In this figure we illustrate data corresponding to 3 exemplar RUFs that show high covariation, conserved predicted secondary structures and are derived from one of the Goldilocks Zone clades shown in Figure 4. (A–C) The expression levels inferred from RNA-seq in the region encompassing each RUF. The regions contain a mix of ncRNAs (red arrows) and protein coding genes (blue arrows) and a RUF (red arrow). For each nucleotide, the total number of reads that map to that nucleotide was computed, and are presented as a heatmap; darker colours indicate high relative expression, lighter colours indicate low expression and black indicates a gap in the genomic alignment of the sequences for the locii. (D–F) R2R [68] representations of the predicted consensus secondary structures for exemplar RNAs of Unknown Function (RUFs) selected from the Enterobacteriaceae, Pseudomonas and Xanthomonadaceae data.
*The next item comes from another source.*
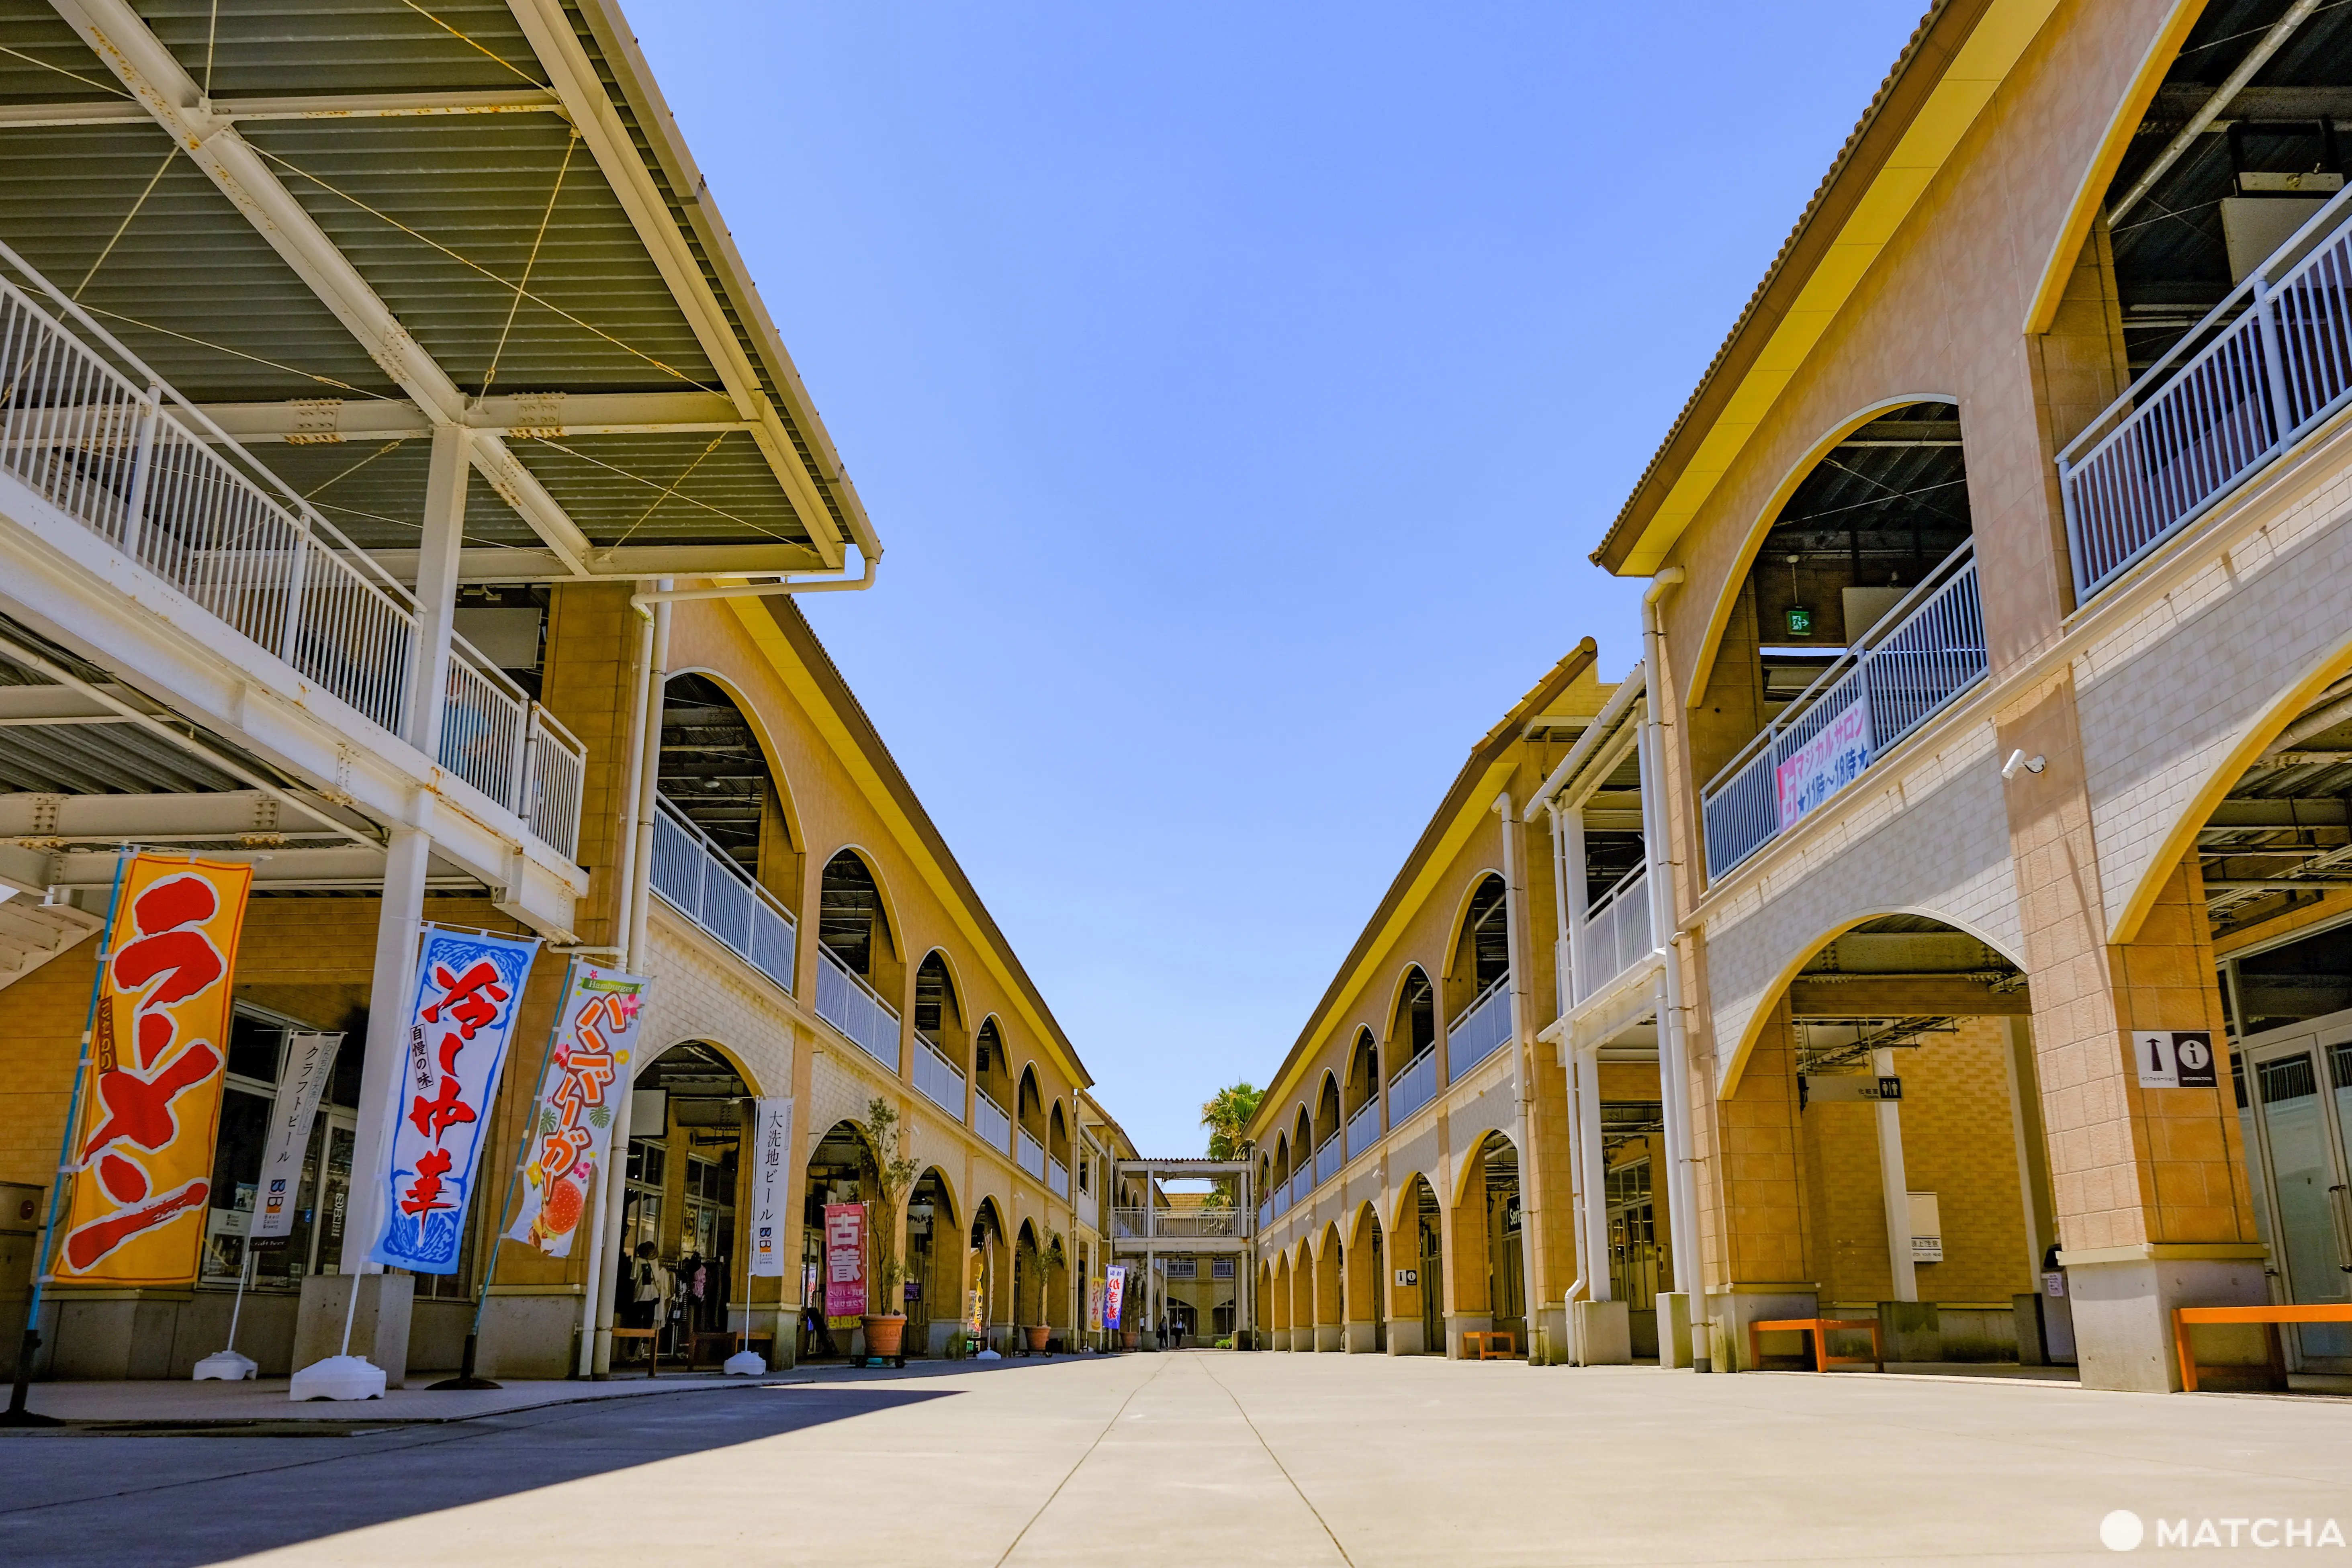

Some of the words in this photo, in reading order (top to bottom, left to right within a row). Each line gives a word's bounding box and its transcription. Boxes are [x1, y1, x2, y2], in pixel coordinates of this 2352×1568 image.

Covariation is highlighted in green, structure-neutral variation is highlighted in blue, highly conserved regions are highlighted in pink. The Enterobacteriaceae RUF contains a conserved tetraloop of the GNRA or UNCG type, and there have been two independent insertions of hairpins in S. enterica and K. pneumoniae within the first hairpin. The Pseudomonas RUF hosts a 3′ rho independent transcription terminator.